In many cities, zoning codes don’t just define where a building can rise, they shape how it rises. One of the most common (and often most time-consuming) rules is the sloped setback.
Traditionally, sloped setbacks require a building to step back as it gets taller, following a prescribed angle from the property line. Think of it as a “sky exposure plane”: for every foot or meter a building goes up, it must move back a certain amount. The intent is to preserve light, air, and sightlines in dense urban environments.
With conventional tools, modeling sloped setbacks is tedious. Designers calculate offsets floor by floor, adjusting geometry manually, then checking against zoning diagrams. Each iteration is prone to errors and a small mistake can cascade into days of rework.

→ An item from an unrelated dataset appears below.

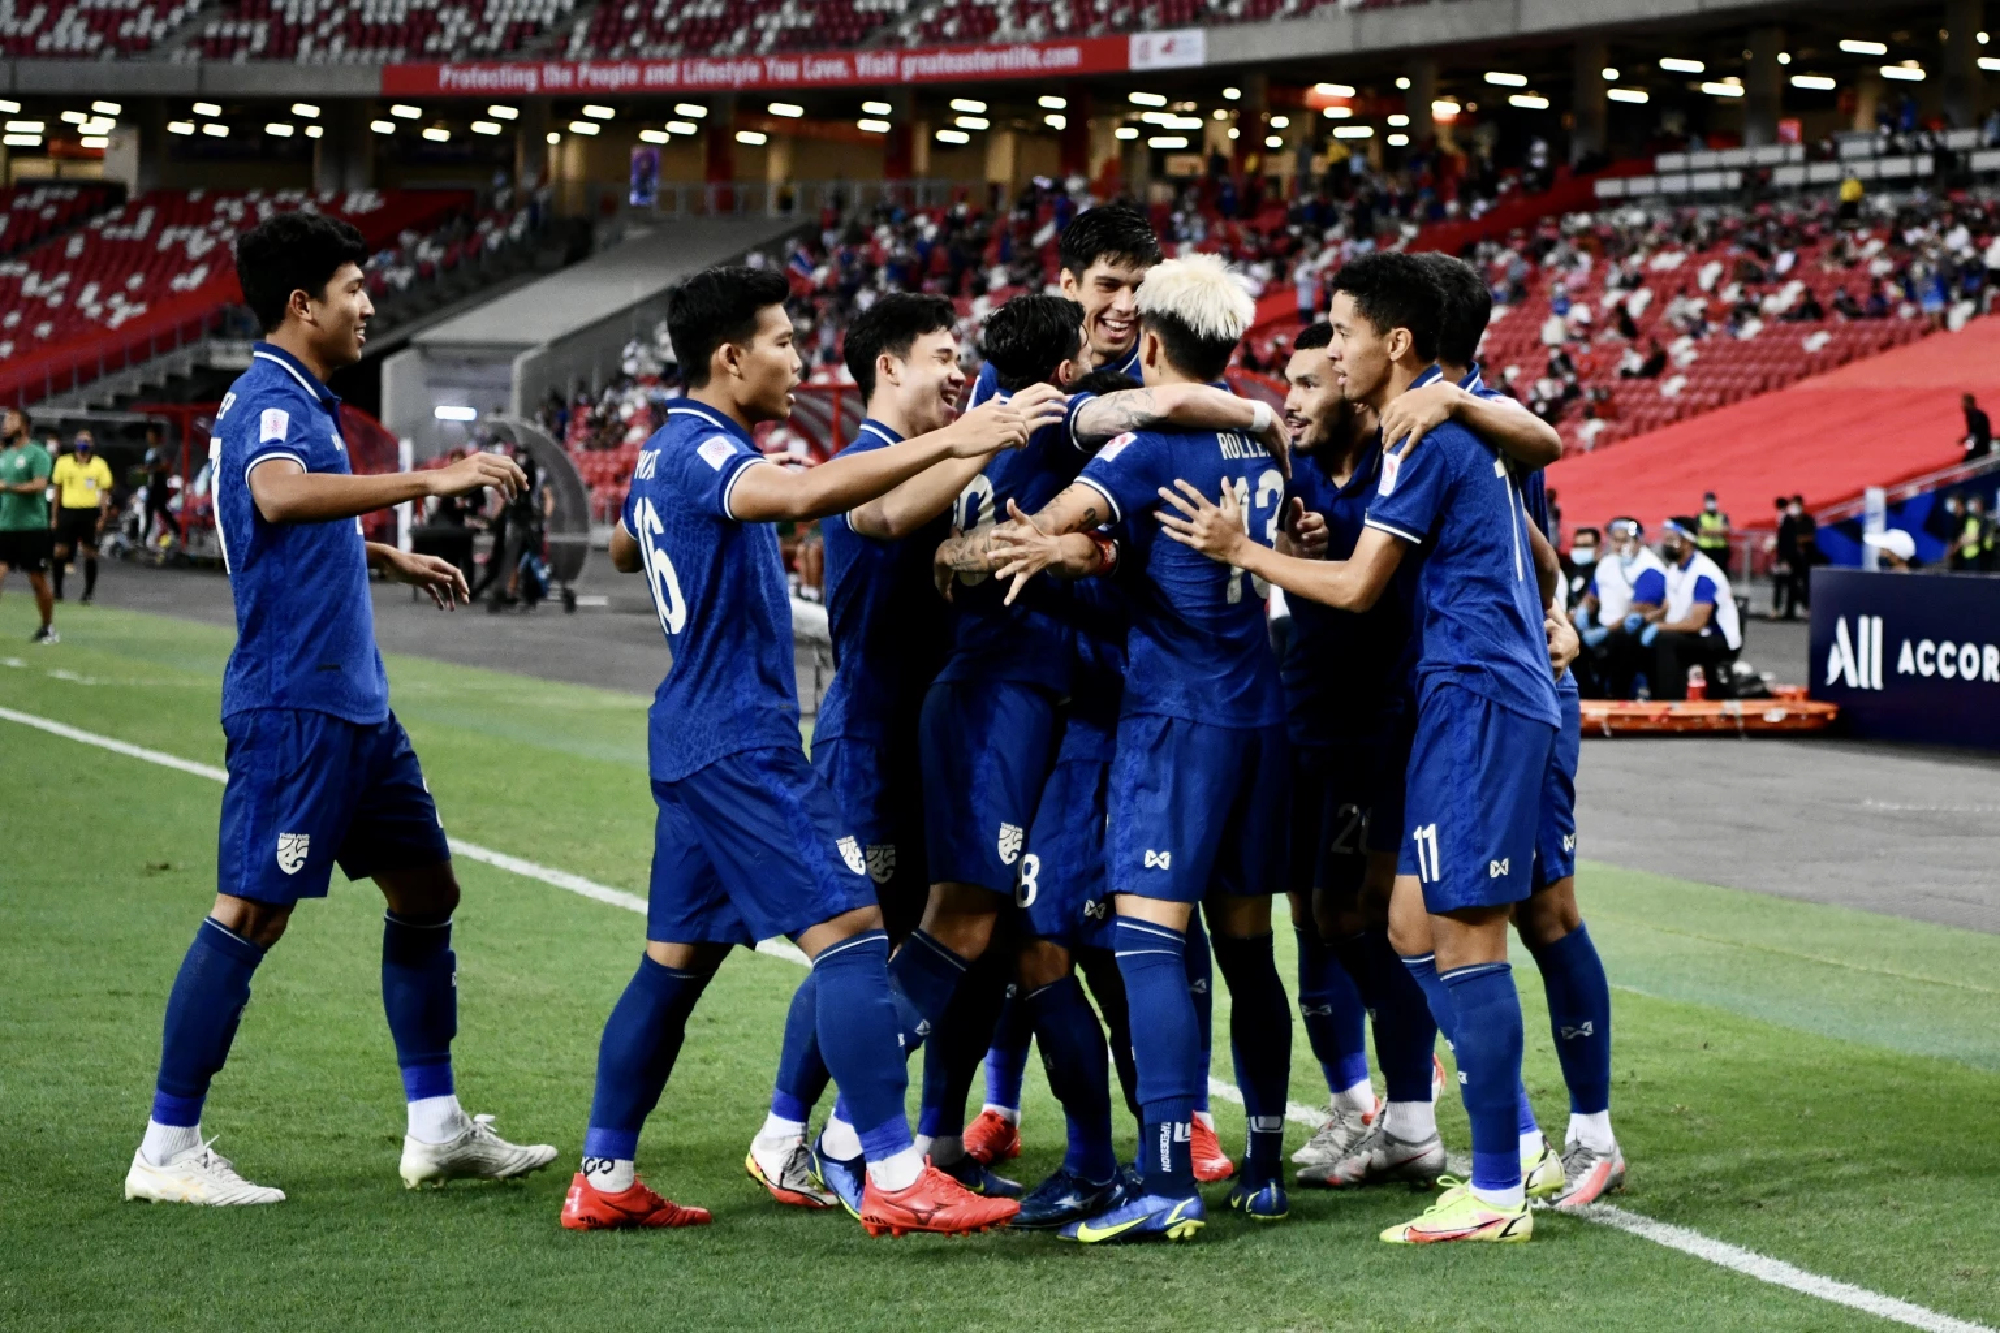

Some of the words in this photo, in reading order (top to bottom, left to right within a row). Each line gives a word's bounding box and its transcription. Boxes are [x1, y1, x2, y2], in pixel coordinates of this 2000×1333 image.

With Arcol, sloped setbacks are parametric. You define the angle once, and the software automatically generates the allowable building envelope. Adjust your site boundaries, change the slope, or test new heights, and the envelope updates in real time. Compliance is no longer a separate workflow, it’s built into the design process.
Sloped setbacks may sound like a small detail, but in the world of early-phase architecture and planning, they’re a big deal. They shape skylines, affect land value, and often decide whether a project moves forward or stalls. By bringing them into the design flow from day one, Arcol helps teams move faster, with more confidence, and with the rules at their side.